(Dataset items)
= = = = =
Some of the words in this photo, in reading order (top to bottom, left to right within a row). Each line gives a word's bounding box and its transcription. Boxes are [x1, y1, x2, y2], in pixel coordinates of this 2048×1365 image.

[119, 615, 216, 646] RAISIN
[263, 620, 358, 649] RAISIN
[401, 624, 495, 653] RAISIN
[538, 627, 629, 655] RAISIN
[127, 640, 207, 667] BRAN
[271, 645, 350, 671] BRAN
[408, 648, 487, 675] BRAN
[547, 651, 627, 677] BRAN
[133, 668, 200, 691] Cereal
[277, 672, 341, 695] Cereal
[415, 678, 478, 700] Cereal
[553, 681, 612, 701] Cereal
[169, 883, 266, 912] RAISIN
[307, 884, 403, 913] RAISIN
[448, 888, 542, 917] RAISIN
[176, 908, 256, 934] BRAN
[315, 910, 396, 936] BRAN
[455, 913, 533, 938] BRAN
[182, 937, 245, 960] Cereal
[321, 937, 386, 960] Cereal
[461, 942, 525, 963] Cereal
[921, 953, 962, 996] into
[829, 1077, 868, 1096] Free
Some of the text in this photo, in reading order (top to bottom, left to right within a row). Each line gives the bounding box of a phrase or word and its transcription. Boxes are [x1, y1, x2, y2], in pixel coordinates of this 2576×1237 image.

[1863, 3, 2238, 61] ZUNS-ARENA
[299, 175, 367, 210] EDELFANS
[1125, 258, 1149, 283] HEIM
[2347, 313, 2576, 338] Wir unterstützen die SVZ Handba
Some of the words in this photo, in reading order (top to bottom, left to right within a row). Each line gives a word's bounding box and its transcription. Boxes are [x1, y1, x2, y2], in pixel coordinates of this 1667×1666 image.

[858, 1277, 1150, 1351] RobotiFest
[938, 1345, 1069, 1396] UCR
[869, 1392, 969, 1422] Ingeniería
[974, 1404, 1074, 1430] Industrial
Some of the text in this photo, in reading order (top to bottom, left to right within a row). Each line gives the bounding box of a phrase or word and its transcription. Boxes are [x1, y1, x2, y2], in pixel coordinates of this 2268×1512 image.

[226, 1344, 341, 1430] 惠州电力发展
= = = = =
◆ **TASK INSTRUCTIONS**:
Line by line, output the records exactly as given.

◆ **RESPONSE**:
Some of the words in this photo, in reading order (top to bottom, left to right within a row). Each line gives a word's bounding box and its transcription. Boxes are [x1, y1, x2, y2], in pixel coordinates of this 2048×1365 image.

[119, 615, 216, 646] RAISIN
[263, 620, 358, 649] RAISIN
[401, 624, 495, 653] RAISIN
[538, 627, 629, 655] RAISIN
[127, 640, 207, 667] BRAN
[271, 645, 350, 671] BRAN
[408, 648, 487, 675] BRAN
[547, 651, 627, 677] BRAN
[133, 668, 200, 691] Cereal
[277, 672, 341, 695] Cereal
[415, 678, 478, 700] Cereal
[553, 681, 612, 701] Cereal
[169, 883, 266, 912] RAISIN
[307, 884, 403, 913] RAISIN
[448, 888, 542, 917] RAISIN
[176, 908, 256, 934] BRAN
[315, 910, 396, 936] BRAN
[455, 913, 533, 938] BRAN
[182, 937, 245, 960] Cereal
[321, 937, 386, 960] Cereal
[461, 942, 525, 963] Cereal
[921, 953, 962, 996] into
[829, 1077, 868, 1096] Free
Some of the text in this photo, in reading order (top to bottom, left to right within a row). Each line gives the bounding box of a phrase or word and its transcription. Boxes are [x1, y1, x2, y2], in pixel coordinates of this 2576×1237 image.

[1863, 3, 2238, 61] ZUNS-ARENA
[299, 175, 367, 210] EDELFANS
[1125, 258, 1149, 283] HEIM
[2347, 313, 2576, 338] Wir unterstützen die SVZ Handba
Some of the words in this photo, in reading order (top to bottom, left to right within a row). Each line gives a word's bounding box and its transcription. Boxes are [x1, y1, x2, y2], in pixel coordinates of this 1667×1666 image.

[858, 1277, 1150, 1351] RobotiFest
[938, 1345, 1069, 1396] UCR
[869, 1392, 969, 1422] Ingeniería
[974, 1404, 1074, 1430] Industrial
Some of the text in this photo, in reading order (top to bottom, left to right within a row). Each line gives the bounding box of a phrase or word and its transcription. Boxes are [x1, y1, x2, y2], in pixel coordinates of this 2268×1512 image.

[226, 1344, 341, 1430] 惠州电力发展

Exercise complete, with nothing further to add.